Jamaica parking lots will become $85M affordable housing and retail complex

Right parking lot
Photo courtesy of Christopher Bride/PropertyShark

Developers of a plan to transform two parallel open-air parking lots in Jamaica into a massive retail center will also add a housing component to the mix, The Courier has learned.

The project, which has been expanded since an initial announcement in 2013, is a joint effort between the owner of the parking lots near 168th Street and 90th Avenue, the nonprofit Greater Jamaica Development Corp. (GJDC), and Blumenfeld Development Group (BDG).

The GJDC will transfer the lots to Blumenfeld, which will construct a 265,000-square-foot retail center, an affordable housing residential building and a parking garage with about 550 spots to replace the lost parking in the deal. Blumenfeld will return the garage to the not-for-profit agency after completion of the project, according to representatives of the developer. The project is estimated to cost $85 million at this point.

“The reason why this is a good thing is because there is no space in downtown Jamaica that can accommodate a big-box retailer,” GJDC Executive Vice President Andrew Manshel said. “It’ll certainly bring more people to the downtown and increase foot traffic, so that’s good for everybody.”

The retail center will be built on one parking lot, which sits between Merrick Boulevard and 168th Street.

The second parking lot, between 168th Street and 169th Street, will have a retail component to complement the shopping center across the street as well as the residential building and the parking garage.

Blumenfeld has already spoken to a number of big-box retailers to be the anchor tenant of the project, representatives said, including BJ’s, Costco and Burlington Coat Factory.

“The number of people living and working in downtown Jamaica combine to create significant demand and buying power that exceeds the current retail supply by $3.7 billion,” said David Blumenfeld, vice president of the development firm. “We expect our efforts to help attract a combination of retailers that can tap into the unmet demand, creating additional jobs, investment and tax revenue.”

The project needs to go through the city’s Uniform Land Use Review Procedure (ULURP) approval process, because the developer will not be able to build the massive parking garage under current zoning regulations.
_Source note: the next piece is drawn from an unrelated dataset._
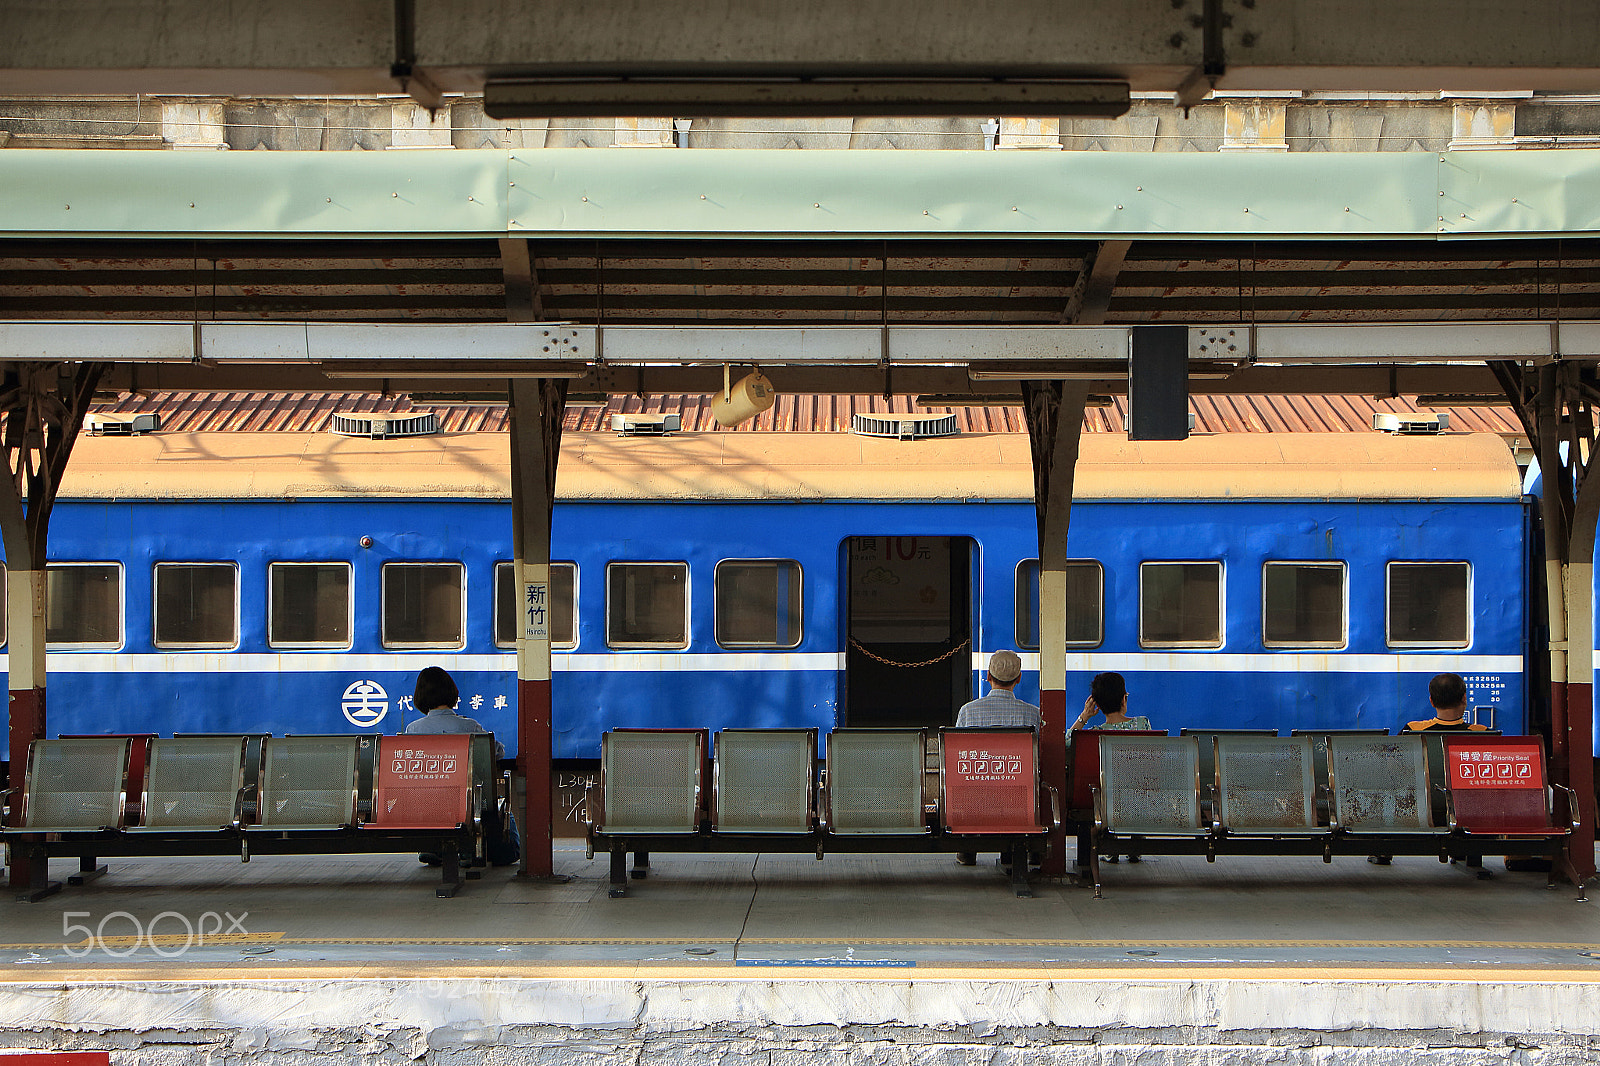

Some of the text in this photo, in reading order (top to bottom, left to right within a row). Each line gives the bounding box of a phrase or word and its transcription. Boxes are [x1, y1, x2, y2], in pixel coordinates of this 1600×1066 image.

They are aiming to get approval by 2016.

Since the project is still in the planning phases, representatives could not immediately say how big the residential building will be and how much of it would be moderate- and low-income housing. The decision to add affordable housing was brought about in part because of Mayor Bill de Blasio’s ambitious push to create more housing, representatives said.

“We also believe that the project can make an impact beyond the provision of new retail opportunities,” Blumenfeld said. “We share the administration’s belief that the addition of affordable housing brings an added benefit to the community, and we are enthusiastic about assisting the city [in making] additional strides toward meeting its housing goals.”

The plan to transform Jamaica parking lots into major development projects has become a popular one recently, as it has been throughout the city.

Last year, representatives from the New York City Economic Development Corp. announced plans for a request for proposals to develop a 45,000-square-foot parking garage on 168th Street between Jamaica and Archer avenues.

Also, in October an investor bought a huge parking garage and commercial strip at 163-05 and 163-25 Archer Ave., and plans to develop the property into a housing and retail mix, according to a published report.